This piece was published in Femme First Foundation in January 2023.
Before policy can address a problem, it must first be able to see it. In India, a substantial portion of women's economic activity is simply not seen — not because it doesn't exist, but because the frameworks used to measure and classify labour were not built to capture it.
This article examines the phenomenon of "invisiblisation": the systematic process by which women's economic contributions are rendered absent from official statistics, labour classifications, and — by extension — from the policy imagination.
The mechanisms are multiple. India's statistical frameworks have historically defined "work" in ways that exclude unpaid care labour — the cooking, cleaning, childcare, and elder care that millions of women perform daily and that make all other economic activity possible. When this labour is not counted, it is not valued. When it is not valued, it does not generate entitlements, protections, or bargaining power.
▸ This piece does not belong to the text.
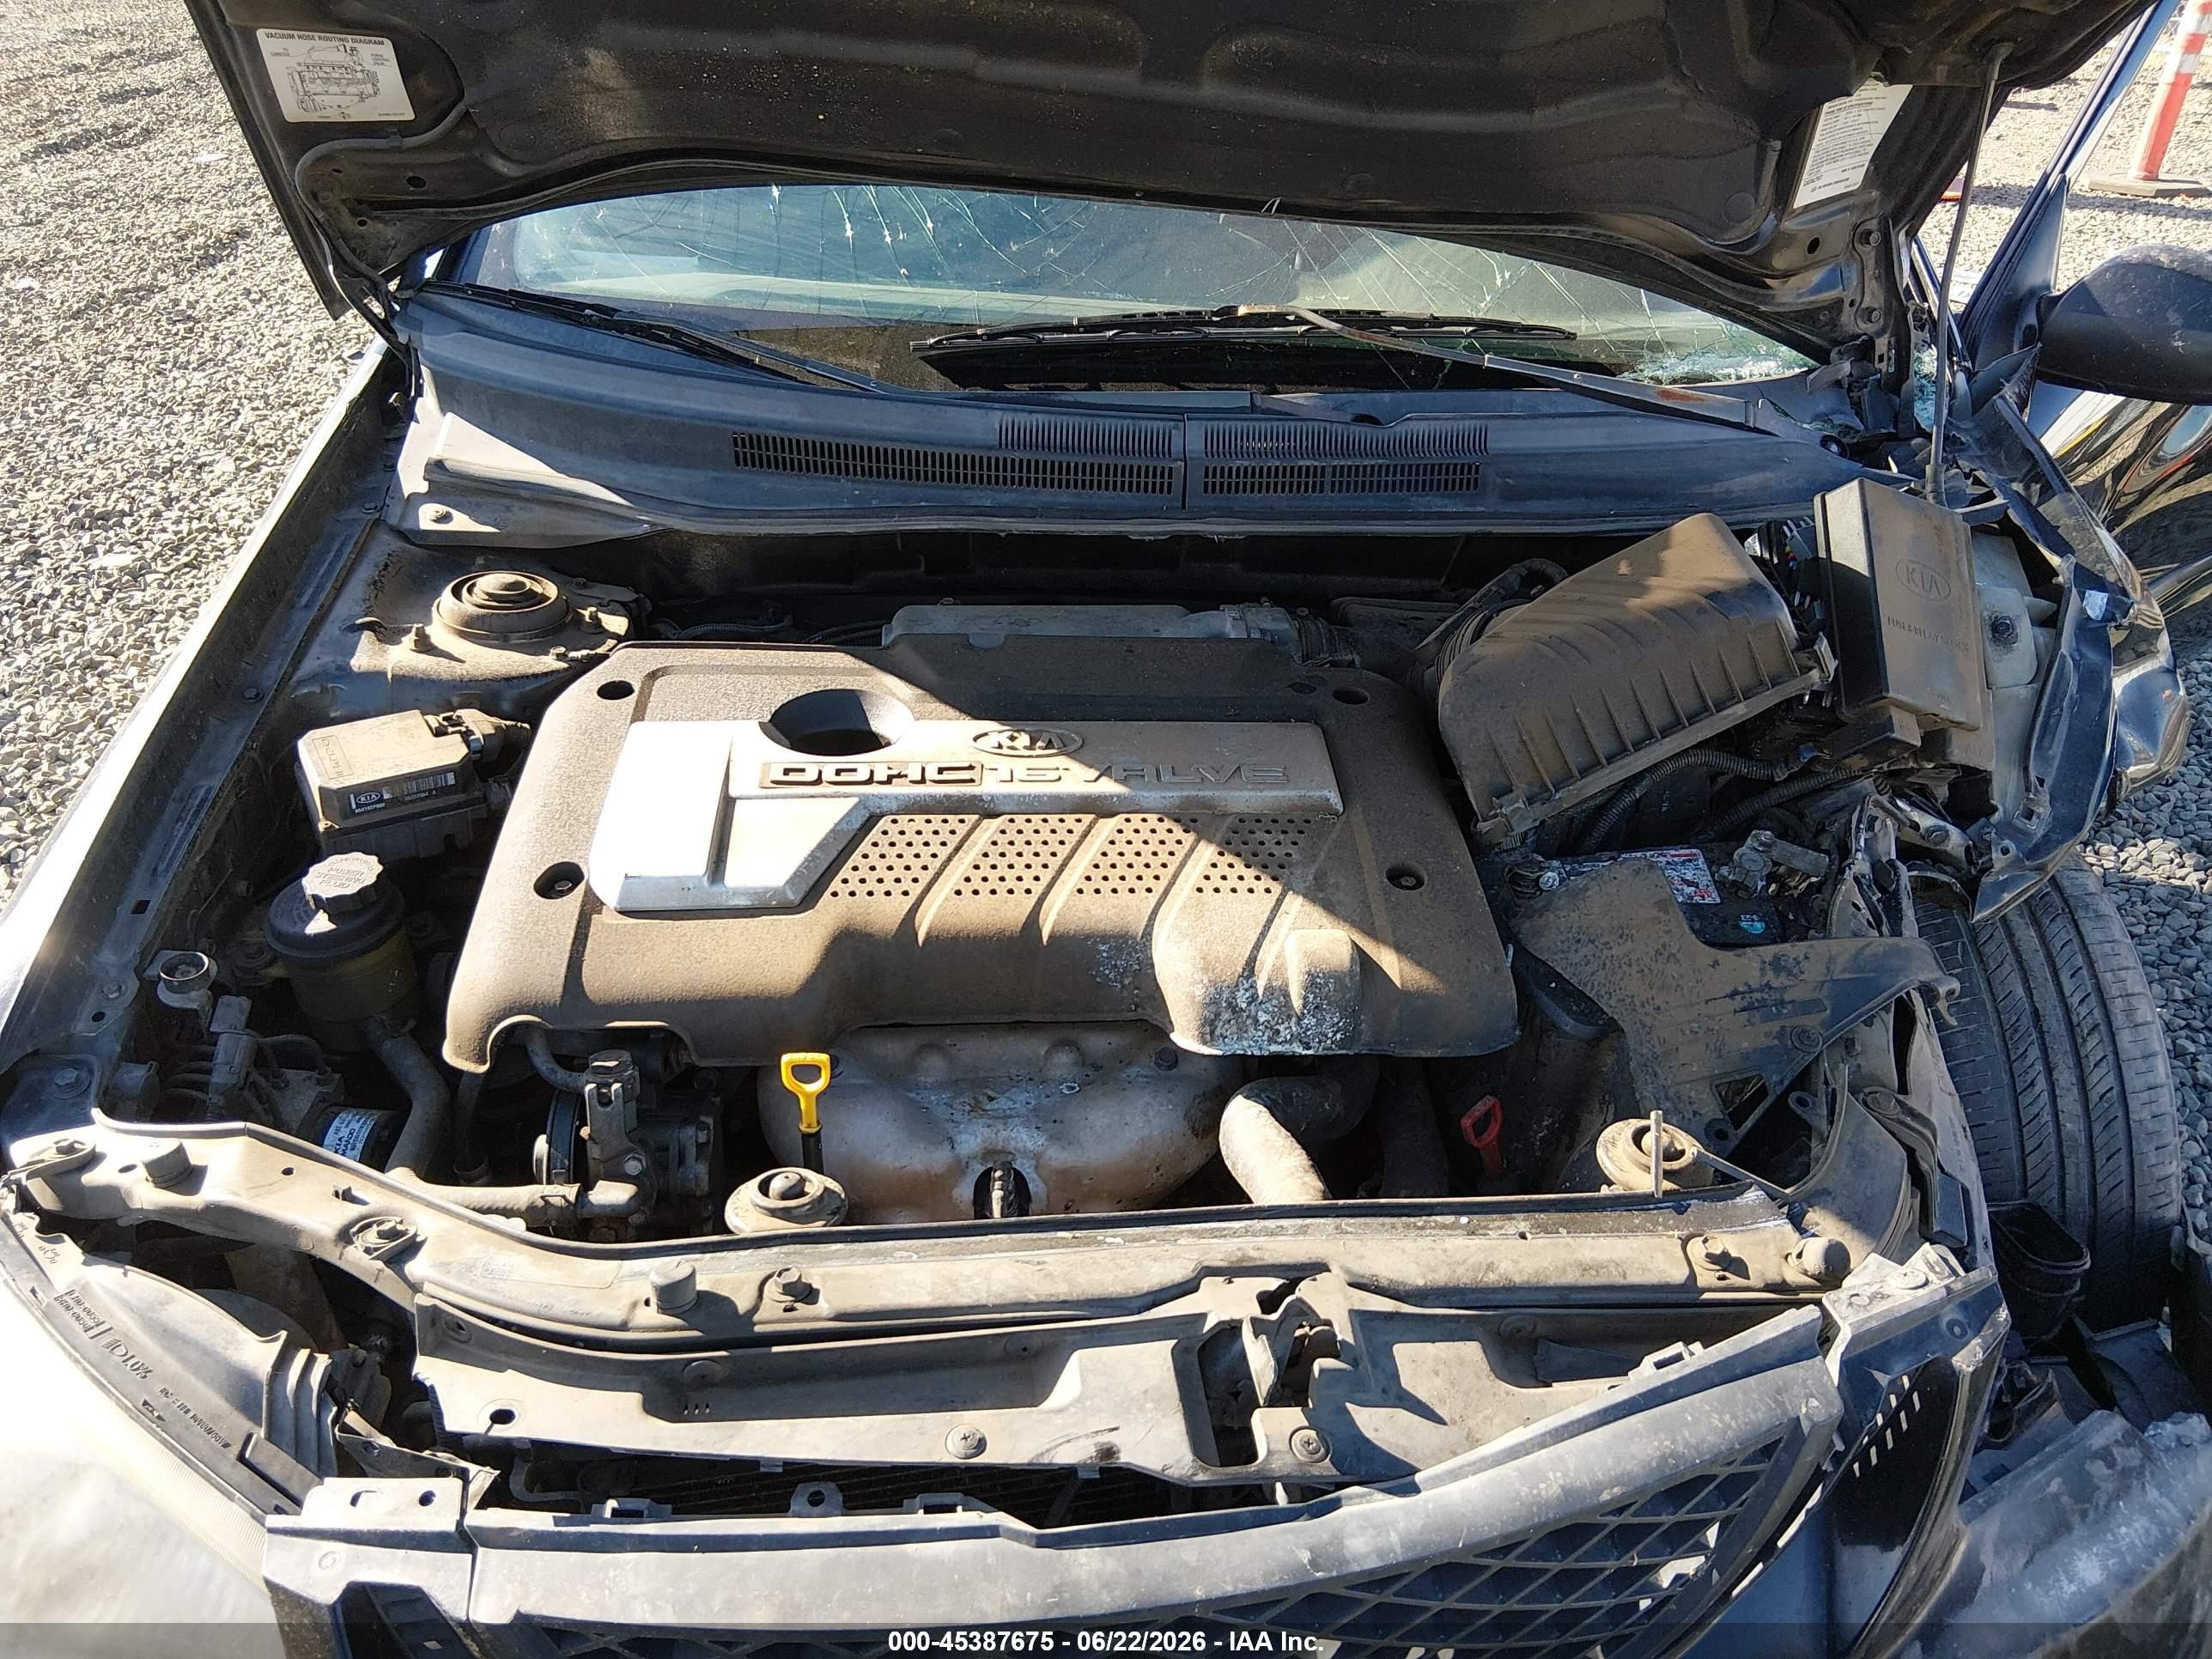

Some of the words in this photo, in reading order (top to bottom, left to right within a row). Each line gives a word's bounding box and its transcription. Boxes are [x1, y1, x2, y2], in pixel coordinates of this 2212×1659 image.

Informal sector participation presents a related problem. Women constitute a significant share of agricultural labour, domestic workers, and home-based producers — categories that sit at the edges of formal classification systems. The periodic surveys and employment data that shape policy decisions routinely undercount these workers, either through survey design, definitional exclusions, or the practical difficulty of reaching dispersed, non-unionised labour.
The consequences are not merely statistical. When women's work is invisible to the state, so are the conditions under which it is performed — the wage gaps, the absence of safety protections, the lack of social security. Invisiblisation is not a passive oversight; it is a policy blind spot that actively reinforces women's economic marginalisation.
Addressing it requires a rethinking of how we define, count, and ultimately value work — with particular attention to the gendered assumptions that have long structured both our data and our policies.